The World Pipe Band Championship looms large yet again – thank goodness. We thought readers might be interested in what the Editor wrote about the contest in 2012. The winners that day were Field Marshal Montgomery pictured above…..

Field Marshal Montgomery are World Champions yet again, a record eighth win for P/M Richard Parkes. In terms of the Worlds it makes him the second most successful pipe major in history behind P/M Ian McLellan, Strathclyde Police.

I wrote last year of the certainty they would be crowned champions everyone in the audience must have felt following FM’s performances. Not so this year.
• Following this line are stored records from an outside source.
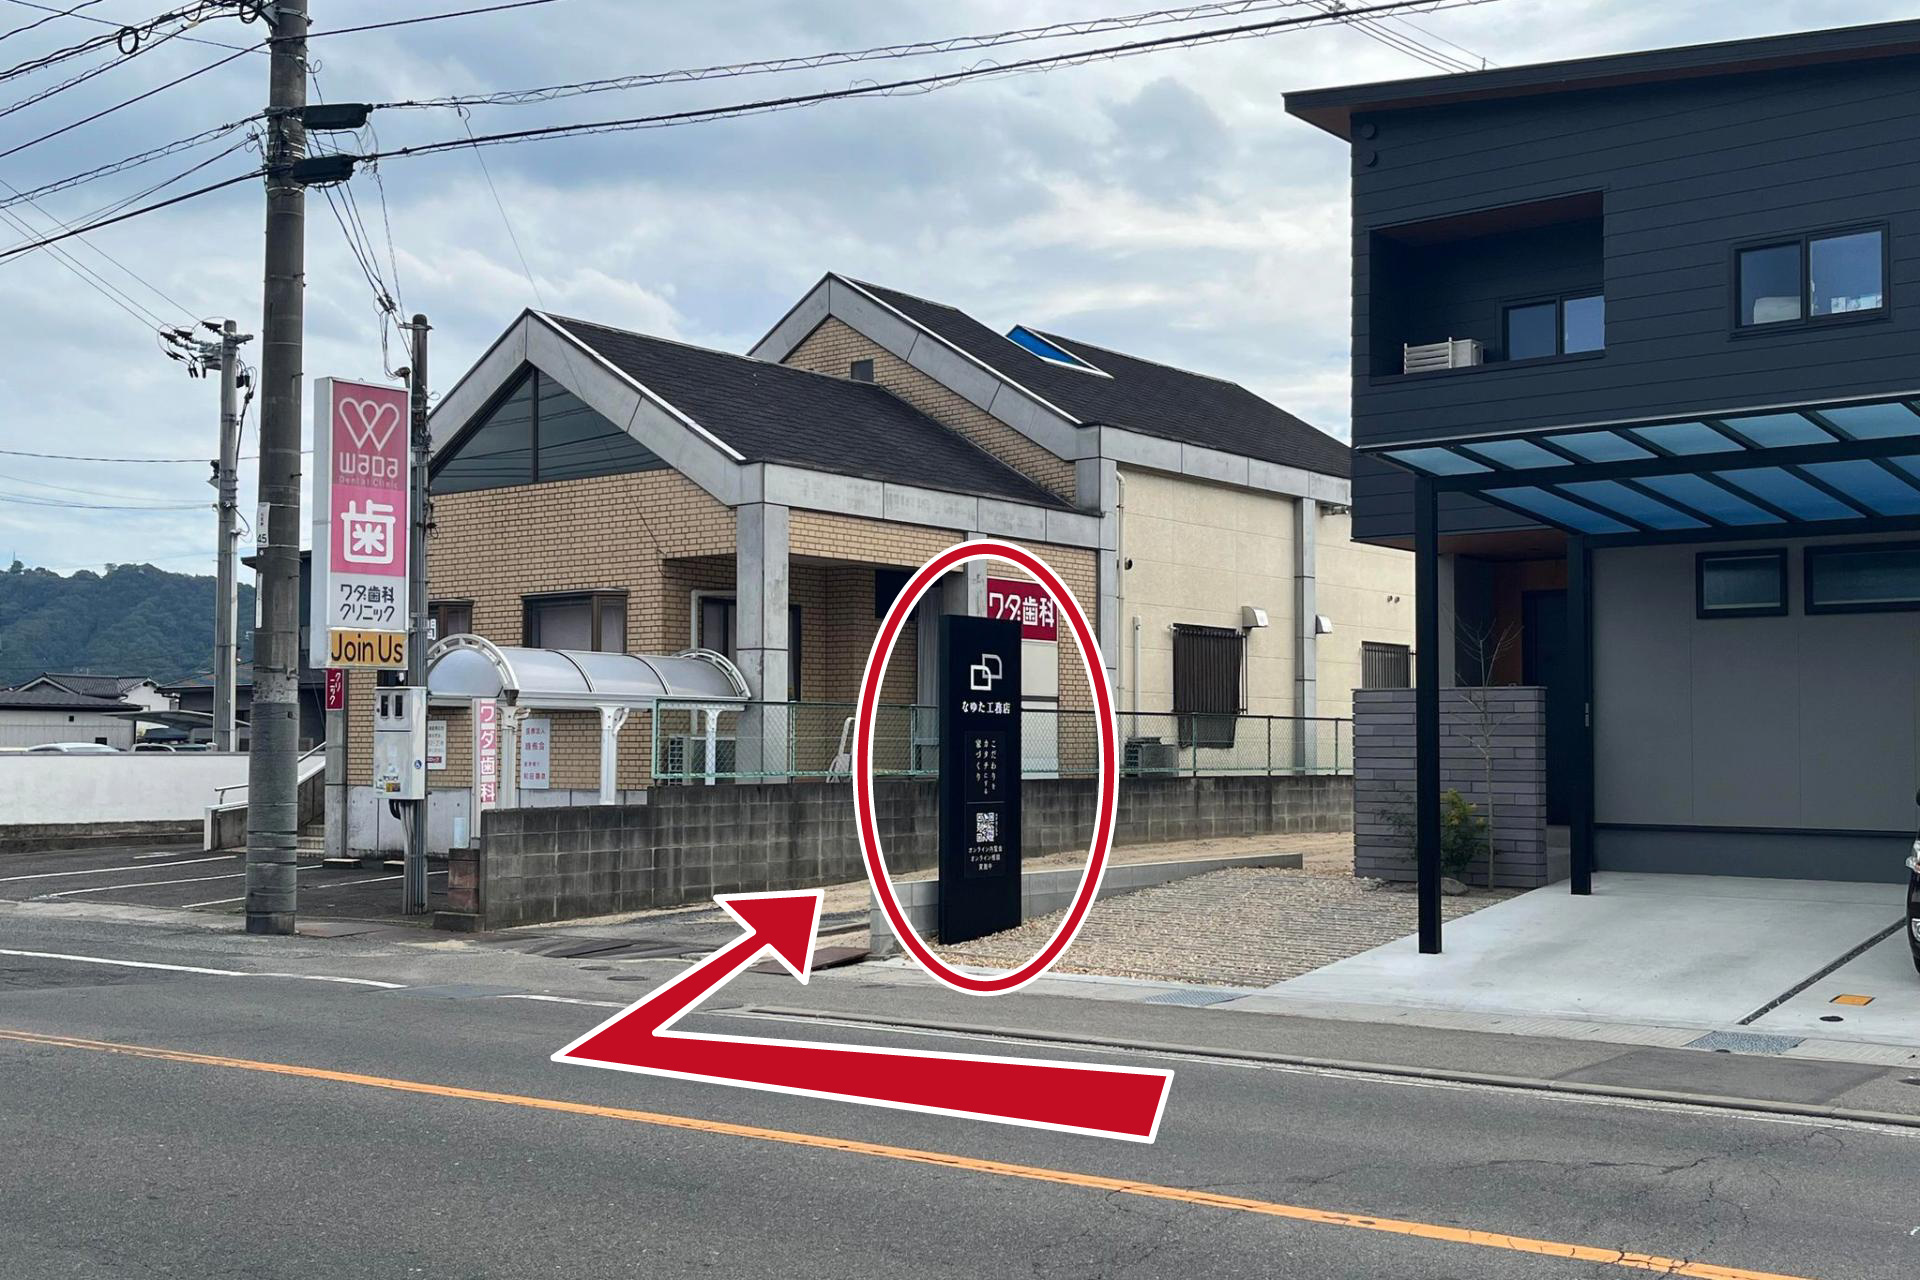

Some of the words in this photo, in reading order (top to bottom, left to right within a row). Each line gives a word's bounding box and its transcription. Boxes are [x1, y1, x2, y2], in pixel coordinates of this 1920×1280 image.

[257, 533, 267, 544] 45
[340, 499, 396, 564] 歯
[340, 584, 395, 603] ワダ歯科
[340, 604, 395, 622] クリニック
[988, 592, 1055, 628] ワダ歯科
[331, 633, 374, 663] Join
[378, 635, 403, 664] Us
[961, 700, 1011, 714] なゆた工務店
[480, 705, 496, 803] ワダ歯科
Their run in the March, Strathspey and Reel was uncharacteristically inconsistent. They left the door open to the opposition with rough patches, particularly in the strathspey Susan MacLeod. But then, true to their name, and after a pep talk from P/M Parkes, they came out in real fighting mood. They blew the opposition away with a stunning tour de force in the Medley.



Given the easterly wind the cheer as they left the arena may have been heard in Belfast. This performance ended the dreams of many bands, not least Boghall and Bathgate, a band who had impressed everyone with their sound and performance levels at the Worlds Week concert in Glasgow only three days earlier.
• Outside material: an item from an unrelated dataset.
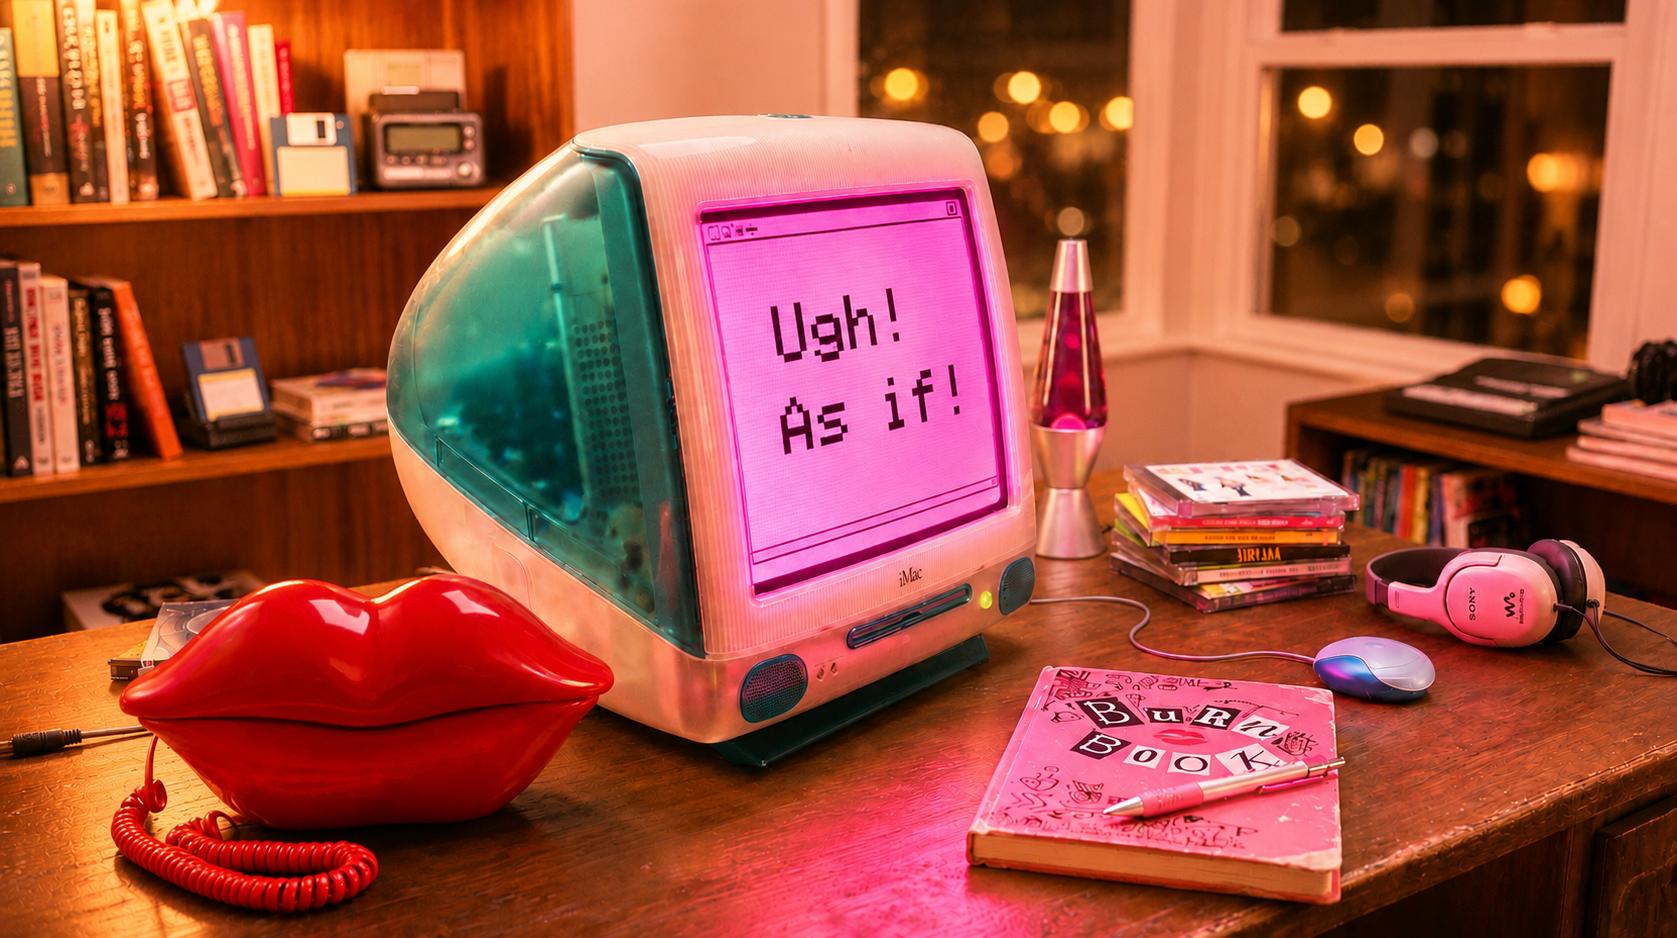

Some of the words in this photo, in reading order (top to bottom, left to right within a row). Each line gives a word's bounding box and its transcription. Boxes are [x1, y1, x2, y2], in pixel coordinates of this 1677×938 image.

Many tipped them as Worlds winners. Their sound was again spectacular but the medley content and performance panache could not match FM’s even though Gordon Brown’s wonderful drum corps reigned supreme in both MSR and Medley. 

Now before I go on, a word about the advantage there is to be had sitting in the stands and listening to the whole contest as I did. I believe one gets a better sound picture than the judges on the ground. This must be particularly so for the ensemble – every band listened to from exactly the same vantage point and therefore with the same mix, pipes to drums, small changes in size of corps accepted.

Certainly being there and listening live is way ahead of studio punditry where the sound coming through may be compressed and have a balance dependent on microphone positioning and engineering mix. I have listened on the internet and and CD/DVD to Worlds recordings too. They are the next best thing to being there but no substitute. I hope, therefore, that the following comment will be considered of some value.

Pipe bands at the top end may be scratching their heads wondering just how they get ahead of Field Marshal. I can tell them in three words: Train Journey North. This catchy finishing melody, an arrangement inspired by Fred Morrison, is what lifts the FM medley above the others, much in the same way their Fiddler’s Rally did a few years ago. One listen and your spirits are up leaving you with a smile on your face. Too many bands have offerings which peter out into a mish mash of meaningless, over contrived harmony and counterpoint. Bridges? Anything over two seconds should be left to the engineers.

Worse, too many bands are trying to reinvent the bagpipe wheel. They all have brilliant sound so why can’t they leave the harmony to the instrument itself using chanter seconds in slow airs and elsewhere but only when musical improvement is effected? The truth is that some of the tunes are so weak that they could not survive without seconds – and so the downward spiral begins.

They have forgotten that our music is pentatonic. It is Scottish, not North American. If it strays too far from the idiom in which it was created and nurtured then it ceases to be what it was meant to be. Take three drones, a chanter, nine notes and some drums. Get them tuned perfectly. Get the pipers fingering accurately and together. Get the drums engineering beatings which help the pipe’s lack of dynamics and assist with rhythm.

Select tunes which flow well together with pleasing key changes and, above all, with melody. You only have seven minutes to make an impression so keep it easy on the ear. That, in my humble and not inexperienced view, is how to walk off the Grade 1 arena to the kind of cheers the boys from Lisburn have come to expect. As that furry thing in the TV ad. says, ‘simples’.